Critic challenges Jefferson City diocese on abuse

FILE: Bishop W. Shawn McKnight of the Catholic Diocese of Jefferson City addresses members of the media, chancery staff and area priests Friday, Aug. 24, 2018, to make a statement regarding clergy sexual abuse and his plans to bring transparency to the Catholic Church.
FILE: Bishop W. Shawn McKnight of the Catholic Diocese of Jefferson City addresses members of the media, chancery staff and area priests Friday, Aug. 24, 2018, to make a statement regarding clergy sexual abuse and his plans to bring transparency to the Catholic Church.

Survivors Network of those Abused by Priests held a news conference Tuesday afternoon in Columbia, demanding Bishop W. Shawn McKnight, of the Catholic Diocese of Jefferson City, disclose that a convicted serial child-molesting cleric worked at two area churches.

SNAP members Tuesday pointed out a cleric abuse report released in California last week states, for a brief time in 1985, Fr. Fredrick A. Lenczycki worked at Our Lady of Lourdes in Columbia, and temporarily took the place of a St. James priest who had been hospitalized with lung cancer.

Lenczycki was possibly the first U.S. priest deemed a "sexually violent predator," said David Clohessy, the St. Louis volunteer SNAP director.

Lenczycki was convicted of charges of aggravated criminal sexual assault against a child in 2004 for abusing three boys in the Joliet, Illinois, area. He received a five-year prison sentence.

In a statement Tuesday, the diocese said it has no documentation indicating Lenczycki requested permission to serve as a priest within it.

"SNAP conducted a media conference today using misinformation, suggesting the Diocese of Jefferson City is hiding facts about a known sexual predator who was in the diocese in 1985," the diocese said in the written statement.

The diocese's statement said that within a handwritten letter in the report - which was published by an attorney and allegedly in the files of the Diocese of Joliet - Lenczycki appears to indicate he was living in the rectory at Our Lady of Lourdes in Columbia and preparing to celebrate Mass at St. James, about 100 miles south of the city. The diocese was unaware of the letters until a reporter pointed them out.

The diocese added it had not received any allegations against Lenczycki.
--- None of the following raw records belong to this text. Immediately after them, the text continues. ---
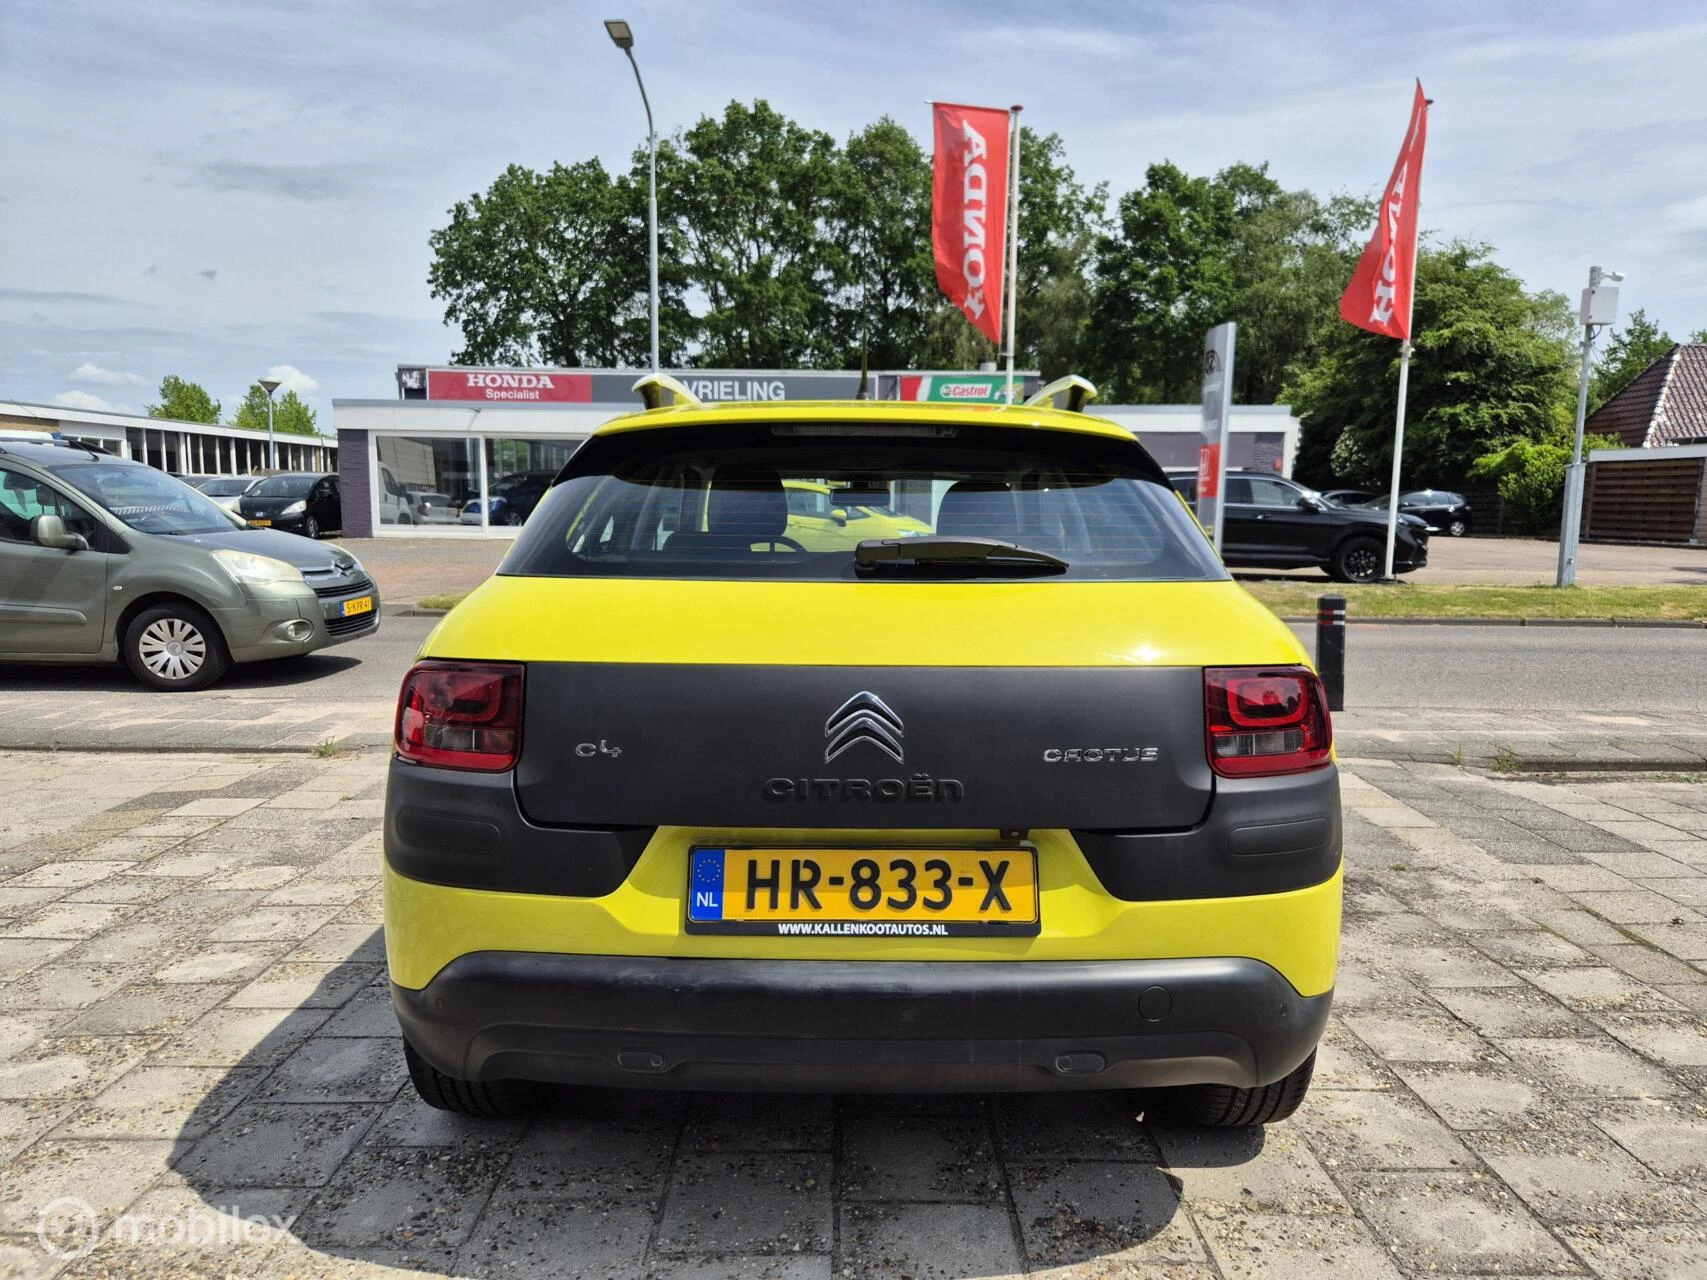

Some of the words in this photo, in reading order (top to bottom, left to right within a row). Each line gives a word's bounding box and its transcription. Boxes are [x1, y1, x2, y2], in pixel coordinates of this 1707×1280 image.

[466, 373, 555, 389] HONDA
[485, 388, 540, 400] Specialist
[682, 380, 786, 401] VRIELING
[952, 385, 990, 397] Castrol
[575, 739, 623, 757] C4
[1042, 747, 1158, 762] CACTUS
[763, 773, 966, 803] CITROËN
[745, 858, 1013, 912] HR-833-X
[696, 891, 719, 908] NL
[777, 923, 949, 936] WWW.KALLENKOOTAUTOS.NL
"His name has never surfaced publicly in Missouri. It would be surprising if he had victimized no one here," Clohessy said. "He's been accused in every state he's been in."
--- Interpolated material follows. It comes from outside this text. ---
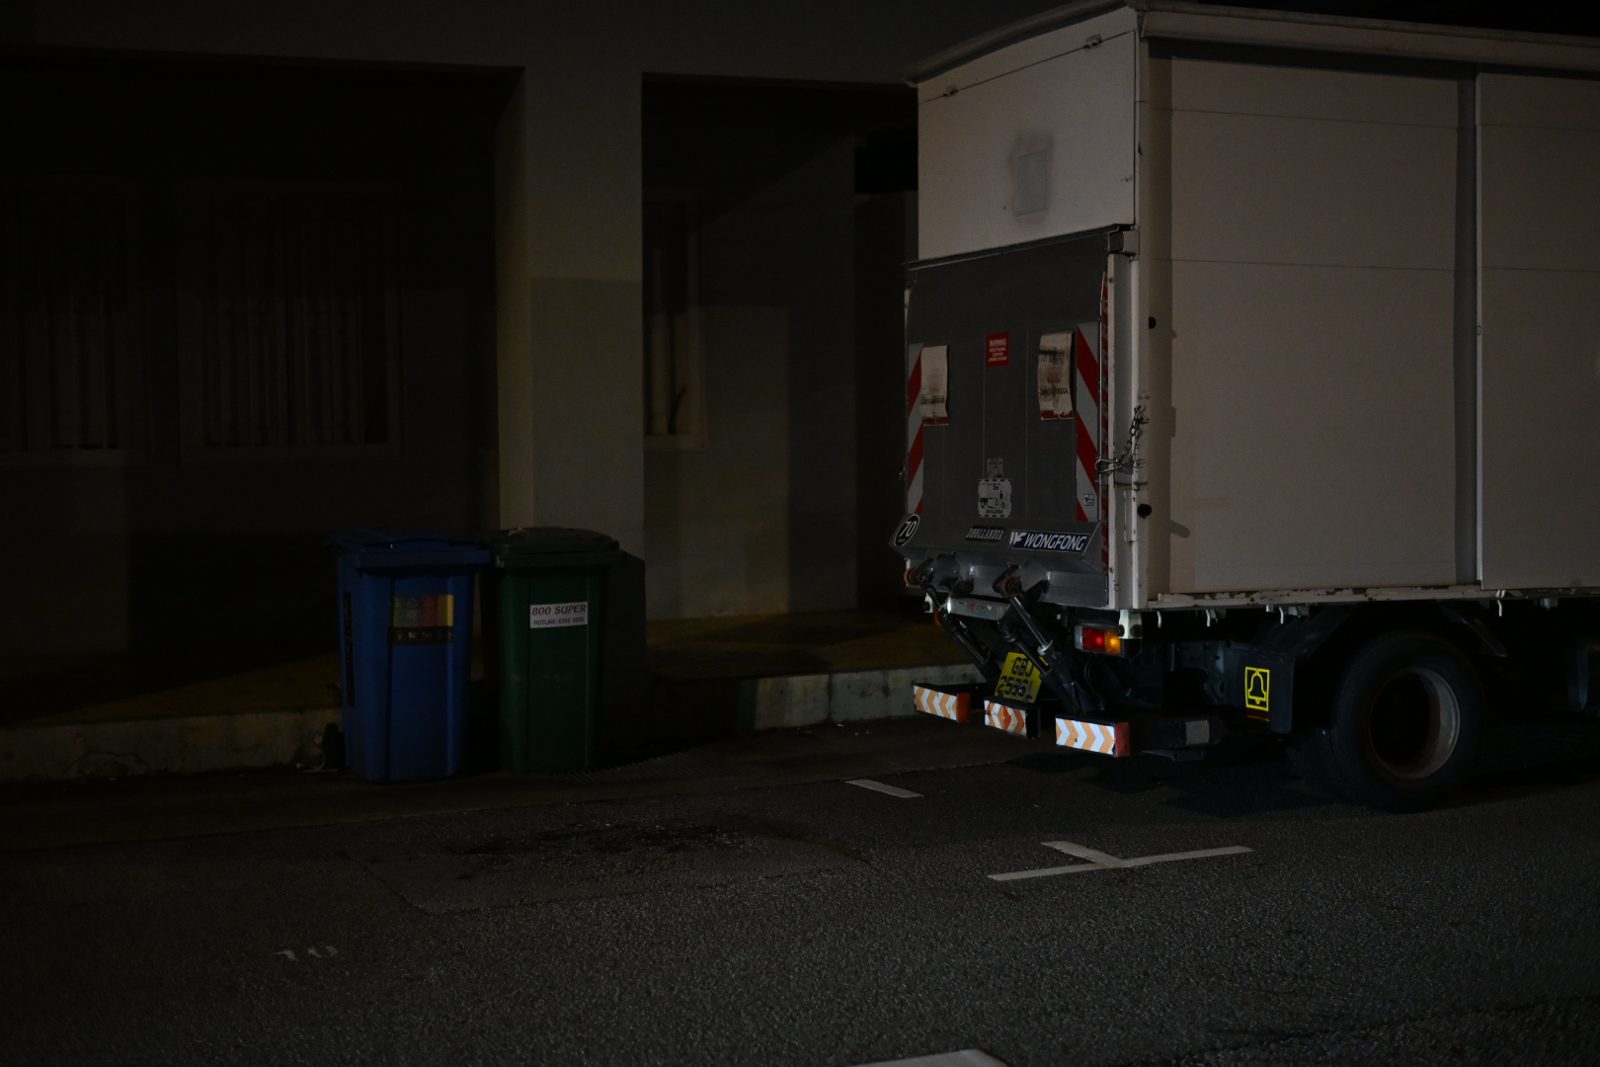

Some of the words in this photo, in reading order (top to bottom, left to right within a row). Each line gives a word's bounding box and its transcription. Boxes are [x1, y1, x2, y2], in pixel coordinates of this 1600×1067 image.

Many predator clerics moved slowly and carefully, and extensively groomed their victims over many years before they "crossed a boundary" and began abusing children, he continued.

Lenczycki, Clohessy said, doesn't seem to be the type of person to move slowly - that he was much more aggressive.

Revelations about Cardinal Archbishop Theodore McCarrick, the former archbishop of Washington, D.C., who was suspended in July over allegations he sexually abused seminary students and later retired, demonstrated an egregious power abuse, McKnight said in August. That scandal and a Pennsylvania grand jury report released in August led him to direct staff to compare the names listed on the report to local clergy records. Among the names was John "Jack" Pender, who was listed as having left the Diocese of Scranton (Pennsylvania) in 1968 and was assigned to the Missouri parishes of St. Robert and Crocker in the 1970s and 1980s.

There were also no reports of Pender - who died in 2009 - having behaved inappropriately toward children in Missouri, the Diocese of Jefferson City said.

The Pennsylvania report spurred the Catholic Archdiocese of St. Louis to ask Missouri Attorney General Josh Hawley to investigate any potential clergy abuse. The Jefferson City diocese was the next to voluntarily join the statewide investigation.

"The Diocese of Jefferson City has a vigorous effort to encourage victims of sexual abuse by clergy to come forward for healing," Tuesday's statement from the diocese said.

The diocese's efforts to reach out to victims include: Each week, publishing information at diojeffcity.org and its newspaper letting people know how and where to report abuse. Letting people know how to reach the diocese's victims assistance coordinator, Nancy Hoey, at  573-694-3199 or [email protected].

The efforts include the bishop's order - which happened immediately after his ordination - to conduct an independent review of all files of living clergy and seminarians in the diocese. The review found no active ministry with violations of Catholic bishops' Charter for the Protection of Children and Young People.

McKnight is also in the midst of a series of listening sessions to hear from Catholics to learn how they think the church can be more accountable and transparent to survivors.

The bishop should do more, Clohessy said.

"The bishop can go to every single parish where Lenczycki and Pender served here. They can go there and say, 'He was here from this time to this time; please ask your friends and relatives to contact Josh Hawley or local law enforcement,'" Clohessy said.

Victims, he said, can then get into therapy.